Beginning this month, Munich's Neue Pinakothek is displaying 16 sculptures of this "Degenerate Art" unearthed in 2010 by construction workers digging near Berlin's Rathaus. The show also discusses works from the Pinakothek museums in Munich that were looted by the Nazis, 95% of which remain unrecovered. Hitler's Ministry of Propaganda had stored the confiscated sculptures—presumably with controversial paintings and drawings—in a building firebombed in 1944. When they were unearthed two years ago, most were scarred and the paintings were destroyed.

"The fire's damage makes them look like completely different sculptures," said Matthias Wemhoff who directed the excavation and restoration of the works made from resilient materials including bronze, terra-cotta and marble.

© Museum für Vor- und Frühgeschichte, Staatliche Museen zu Berlin

Hitler considered Edwin Scharff's portrait of the pre-war actress Anni Mewes, shown here after restoration, to be degenerate.

Fritz Wrampe's bronze "Rider," circa 1933, once depicted a nude man astride a stocky equine. Now the rider, his face damaged by fire, still clings to the torso of the horse while his steed's hoofs and forelegs remain on the statue's base, since snapped off.

Hitler and his propaganda minister Joseph Goebbels stated that degenerate art depicted "prostitutes, pimps, brothels, Negroes, South Pacific Islanders, idiots, cretins, paralytics and Jews," according to the catalog from the original 1937 exhibit. But images of the Neue Pinakothek's stolen art—along with the statues in the exhibit—demonstrate the mercurialness with which the Nazis condemned artwork.

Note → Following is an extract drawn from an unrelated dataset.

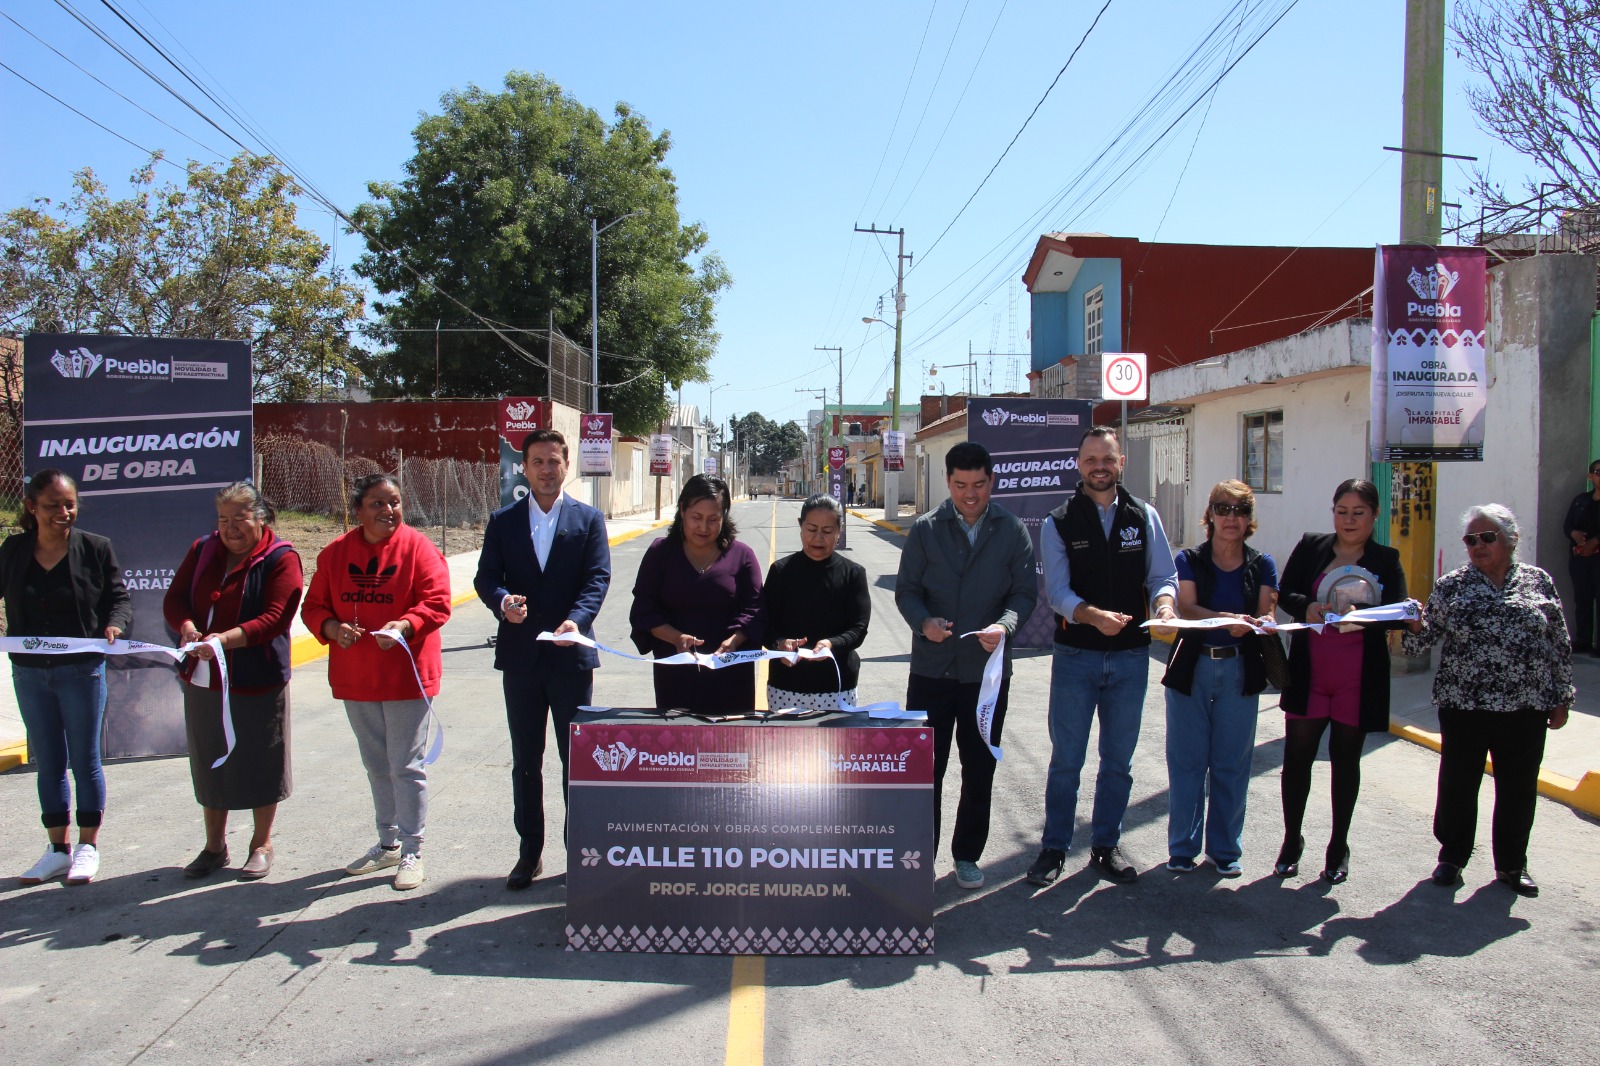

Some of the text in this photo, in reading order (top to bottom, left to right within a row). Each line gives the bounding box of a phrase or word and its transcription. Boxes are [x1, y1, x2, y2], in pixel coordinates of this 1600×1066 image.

"Anything that exposed individuality or put emotions at the fore or showed weakness were qualities considered 'degenerate,'" said Mr. Wemhoff, adding that only two of the 14 sculptors in the exhibit were Jewish. "It was primarily directed at artists considered 'other.'"

Edwin Scharff's bronze "Portrait of Anni Mewes" circa 1917, depicting a popular prewar actress, was the first of the sculptures to be unearthed. Though the bust originally appeared caked with white and green decay, it has since been restored to reveal a smooth face with delicate features.

"There was a similar bust in one of [Hitler's] 'Great German Art' exhibits," Mr. Wemhoff said. "She really demonstrates how his criteria weren't sharply delineated."

Hitler's rules for what constituted laudable German art were somewhat clearer. "They portrayed themes that were fairly inconsequential—general landscapes, animals, generic naked heroes, but nothing that empowered individuality or embodied empathy, sympathy, emotion," says Mr. Wemhoff.